Three Model Ensemble

Ensembling is a widely used technique in machine learning that combines multiple models to improve the overall predictive performance. One common way to weigh the predictions of the ensemble members is by assigning equal weights to each modelCaruana, R., Niculescu-Mizil, A., Crew, G., & Ksikes, A. (2004). Ensemble selection from libraries of models. Proceedings of the 21st International Conference on Machine Learning (ICML-04), 18, 18. , as in the case of using a $\frac{1}{3}$, $\frac{1}{3}$, $\frac{1}{3}$ weighting for regression problems. This approach has been used successfully in various competitions, including Kaggle, where it has been found to improve predictive accuracy.Hastie, T., Tibshirani, R., & Friedman, J. H. (2009). The elements of statistical learning: data mining, inference, and prediction. Springer Science & Business Media.

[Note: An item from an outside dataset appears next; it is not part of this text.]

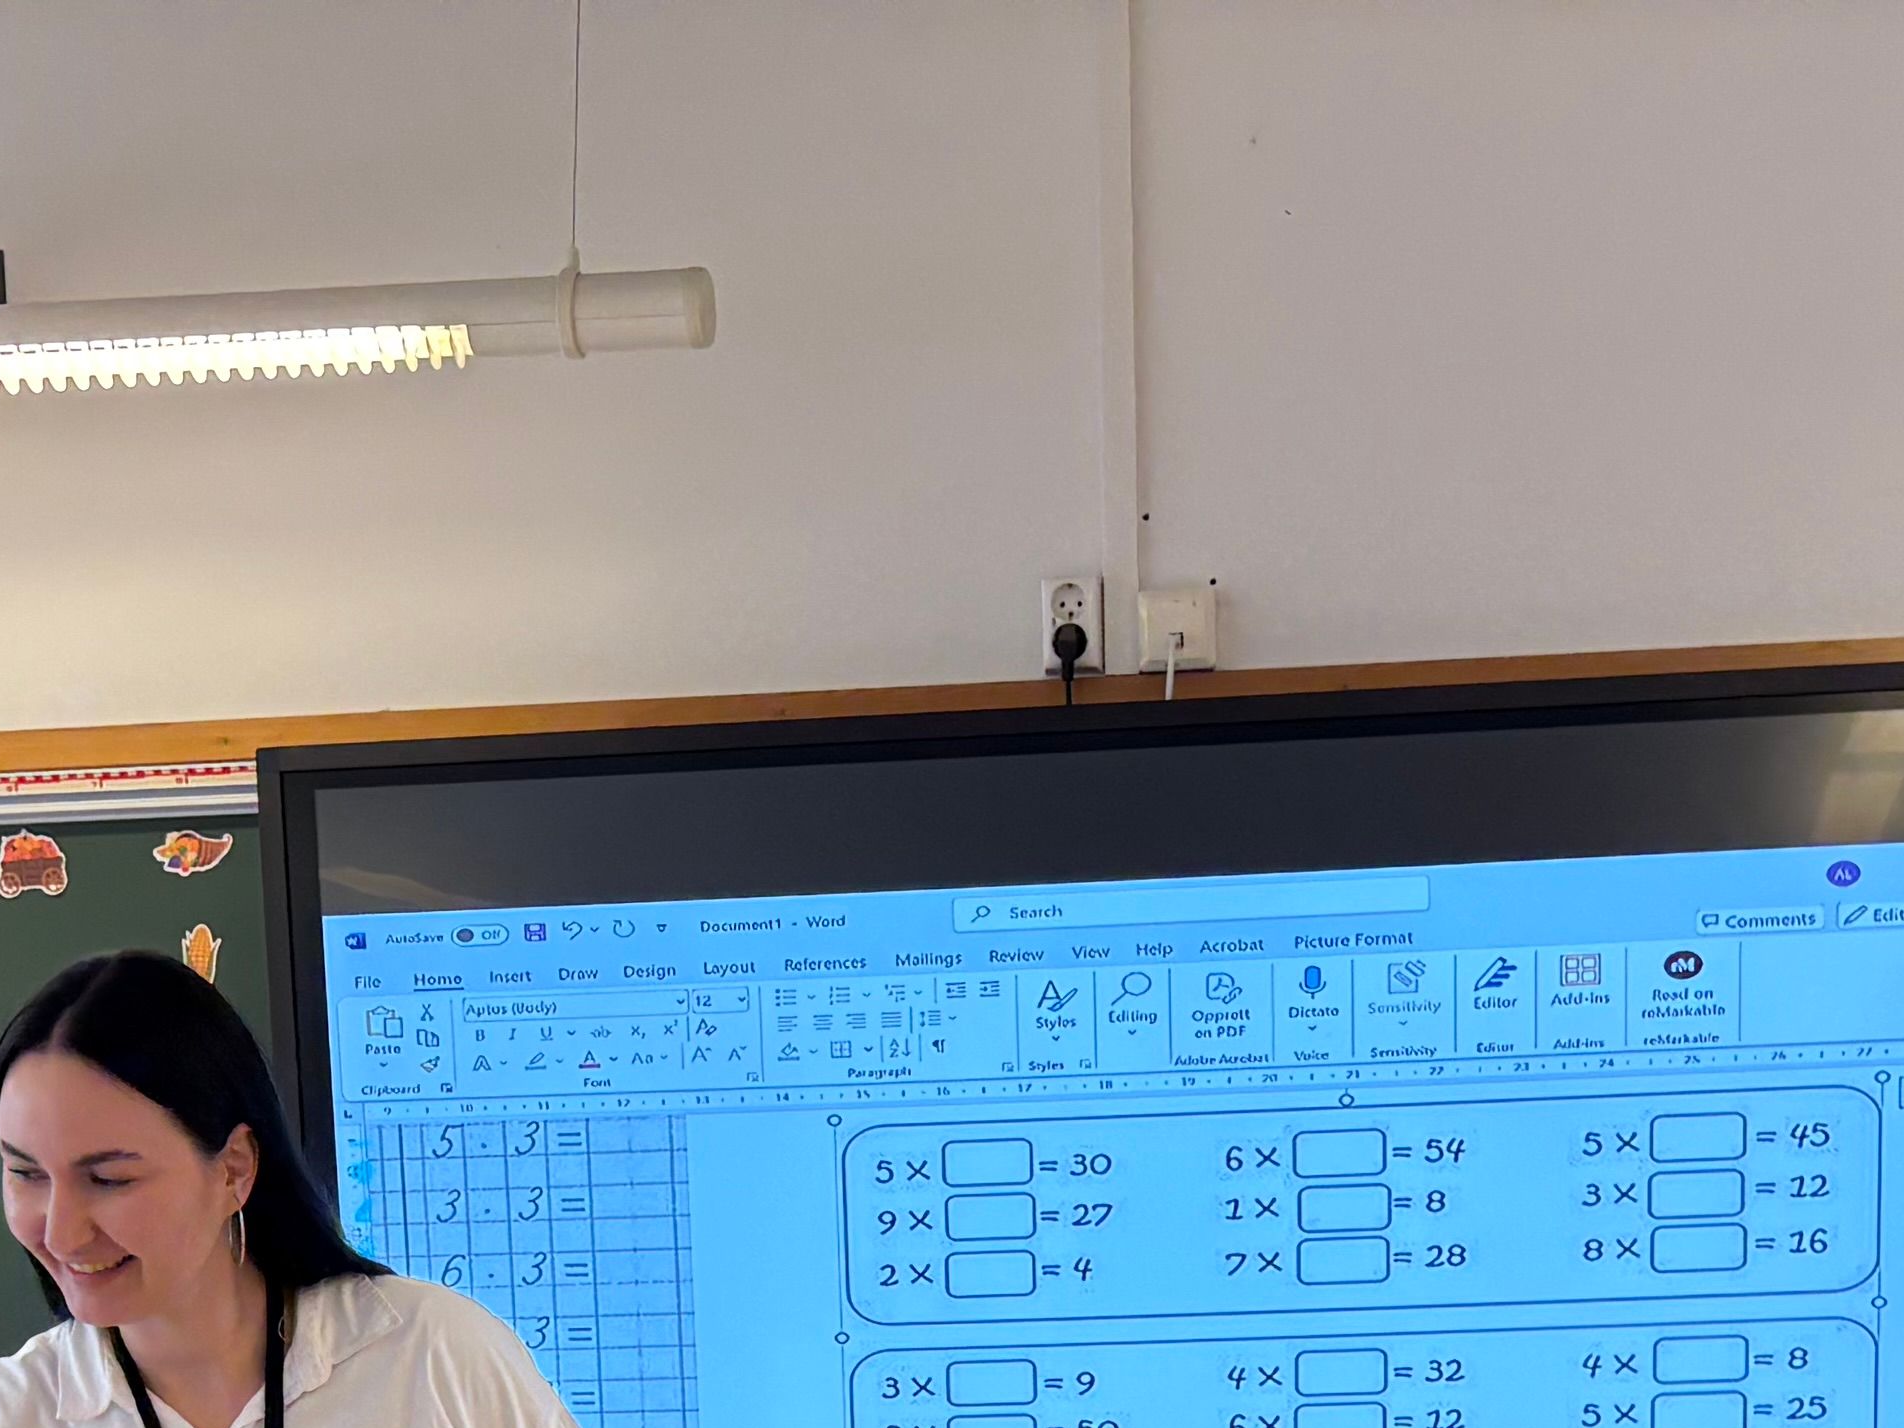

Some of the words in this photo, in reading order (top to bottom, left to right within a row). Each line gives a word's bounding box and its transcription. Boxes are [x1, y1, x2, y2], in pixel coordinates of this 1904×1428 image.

An ensemble approach combining tabular_learner, RandomForestRegressor, and XGBRegressor is implemented to further improve the performance of the model. Each model is given equal weight in the ensemble, and the results exceed those achieved by individual models. As a result, this ensemble is used in the final submission, achieving even higher accuracy than the previously employed approaches.

ens_preds2 = (to_np(preds.squeeze()) + rf_preds + random_proba) / 3
r_mse(ens_preds2, y_val)
0.124315

Kaggle Submission

The val_pred function takes a dataloader and the three optimized estimators as inputs and generates predictions using all three models. However, since the RMSE of the predictions is found to be lowest when only using XGBRegressor and RandomForestRegressor, these two models are chosen for the final predictions submitted to Kaggle.

To re-transform the predictions before adding them together and dividing by three, the exponential function is applied to the predictions of each estimator. The resulting predictions can then be added to a DataFrame under a new column SalePrice and exported as a CSV file.

Upon analyzing the results of the Kaggle submission, it was found to be worse than the best one submitted previously. To identify potential reasons for this, the predictions of the best submission thus far were imported, and a bivariate distribution of the dependent variable was plotted and compared. The best submission corresponds to SalePrice09, and the predictions of this submission are labeled as SalePrice in the following figures.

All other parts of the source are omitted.